START DATASET EXCERPTS
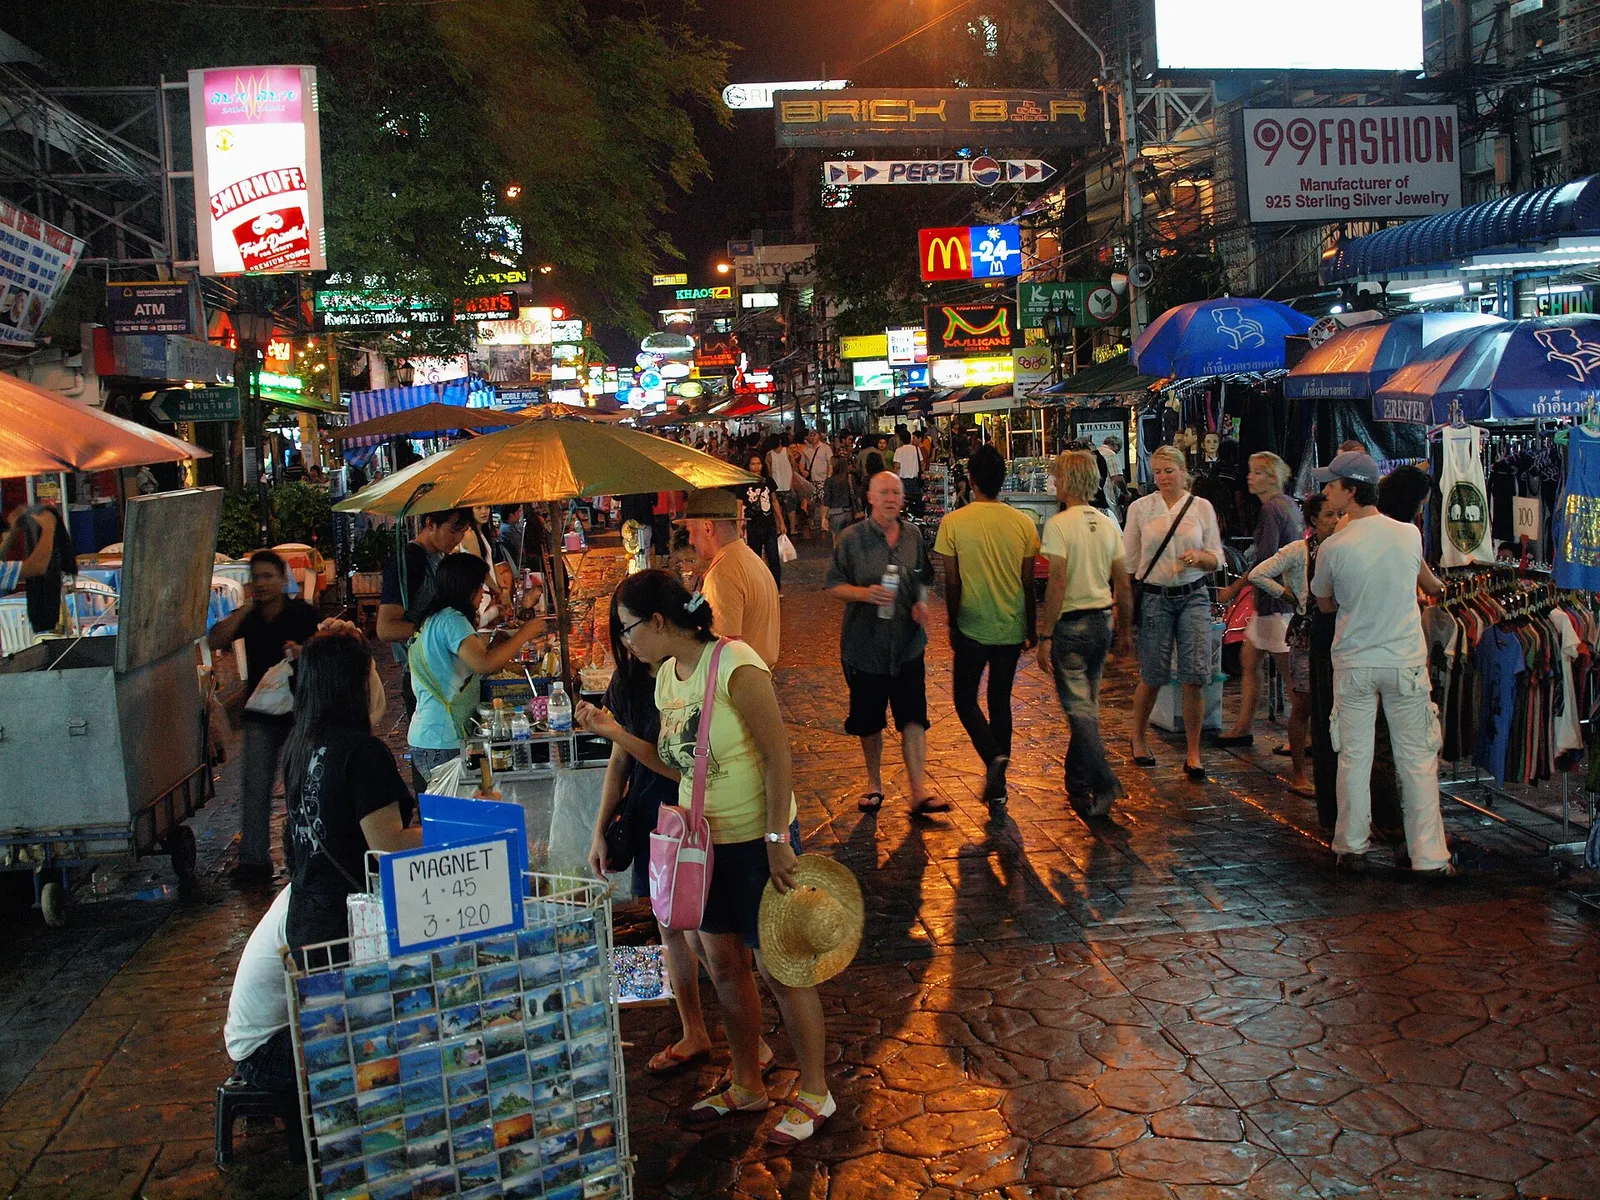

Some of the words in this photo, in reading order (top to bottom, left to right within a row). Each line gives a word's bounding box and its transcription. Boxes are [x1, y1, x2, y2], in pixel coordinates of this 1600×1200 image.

[781, 100, 947, 123] BRICK
[888, 162, 963, 183] PEPSI
[1300, 177, 1392, 191] Manufacturer
[1395, 175, 1410, 189] of
[1265, 194, 1292, 208] 925
[1295, 192, 1351, 210] Sterling
[1353, 192, 1392, 207] Silver
[1395, 190, 1449, 207] Jewelry
[249, 256, 284, 271] PREMIUM
[284, 248, 311, 261] VODKA
[979, 240, 1008, 262] 24
[1031, 285, 1049, 302] K
[1052, 290, 1075, 300] ATM
[134, 303, 166, 316] ATM
[943, 337, 1011, 348] MULLIGANS
[502, 392, 520, 400] MOBILE
[522, 391, 539, 399] PHONE
[1079, 423, 1109, 431] WHATS
[1517, 507, 1534, 527] 100
[410, 848, 493, 882] MAGNET
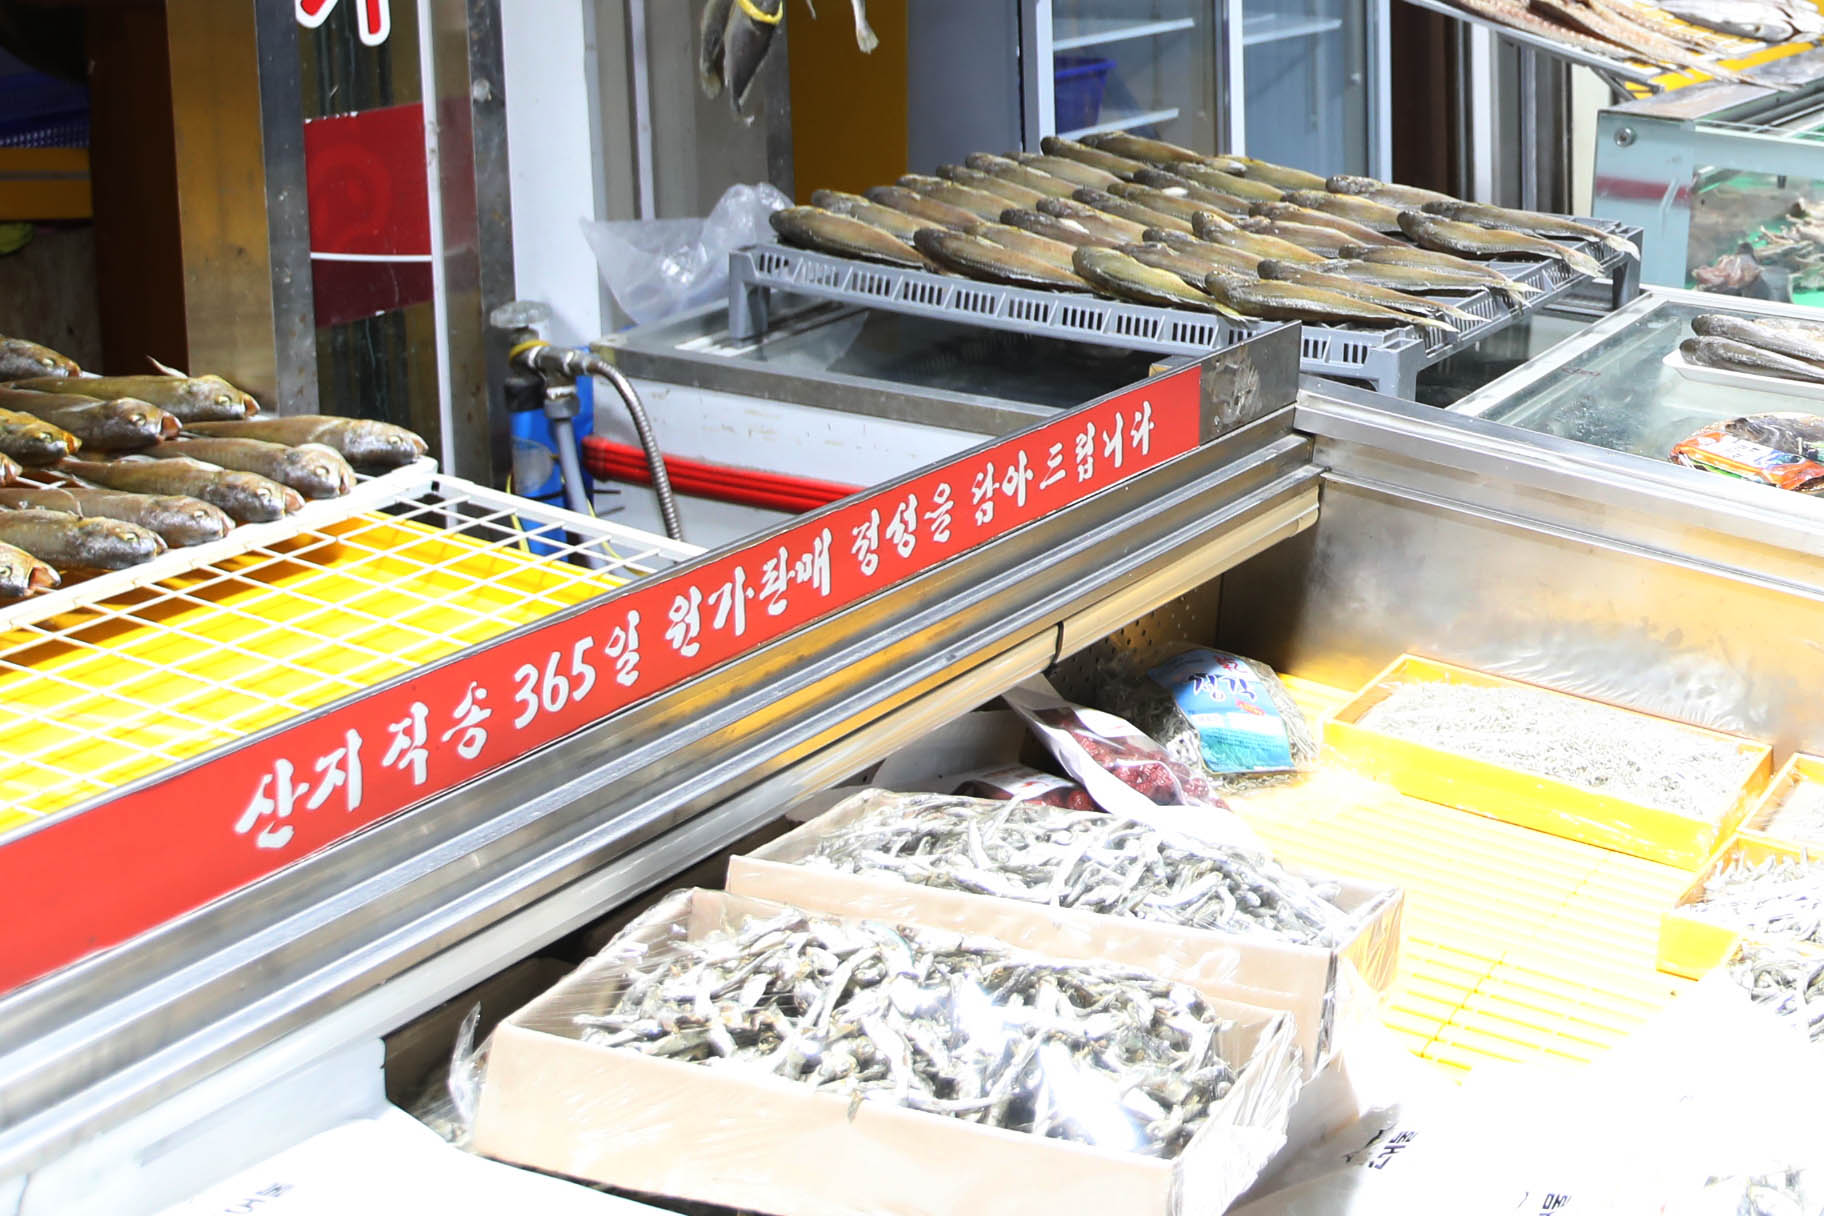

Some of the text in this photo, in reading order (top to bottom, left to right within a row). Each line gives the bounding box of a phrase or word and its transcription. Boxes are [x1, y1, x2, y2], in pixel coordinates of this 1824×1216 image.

[513, 609, 641, 729] 365일
[664, 528, 832, 657] 원가판매
[850, 482, 955, 577] 정성을
END DATASET EXCERPTS
Every entry is to be transcribed exactly, but the pictures are to be left out.

Some of the words in this photo, in reading order (top to bottom, left to right within a row). Each line gives a word's bounding box and its transcription. Boxes are [x1, y1, x2, y2], in pixel coordinates of this 1600×1200 image.

[781, 100, 947, 123] BRICK
[888, 162, 963, 183] PEPSI
[1300, 177, 1392, 191] Manufacturer
[1395, 175, 1410, 189] of
[1265, 194, 1292, 208] 925
[1295, 192, 1351, 210] Sterling
[1353, 192, 1392, 207] Silver
[1395, 190, 1449, 207] Jewelry
[249, 256, 284, 271] PREMIUM
[284, 248, 311, 261] VODKA
[979, 240, 1008, 262] 24
[1031, 285, 1049, 302] K
[1052, 290, 1075, 300] ATM
[134, 303, 166, 316] ATM
[943, 337, 1011, 348] MULLIGANS
[502, 392, 520, 400] MOBILE
[522, 391, 539, 399] PHONE
[1079, 423, 1109, 431] WHATS
[1517, 507, 1534, 527] 100
[410, 848, 493, 882] MAGNET

Some of the text in this photo, in reading order (top to bottom, left to right within a row). Each line gives the bounding box of a phrase or word and its transcription. Boxes are [x1, y1, x2, y2], in pixel coordinates of this 1824×1216 image.

[513, 609, 641, 729] 365일
[664, 528, 832, 657] 원가판매
[850, 482, 955, 577] 정성을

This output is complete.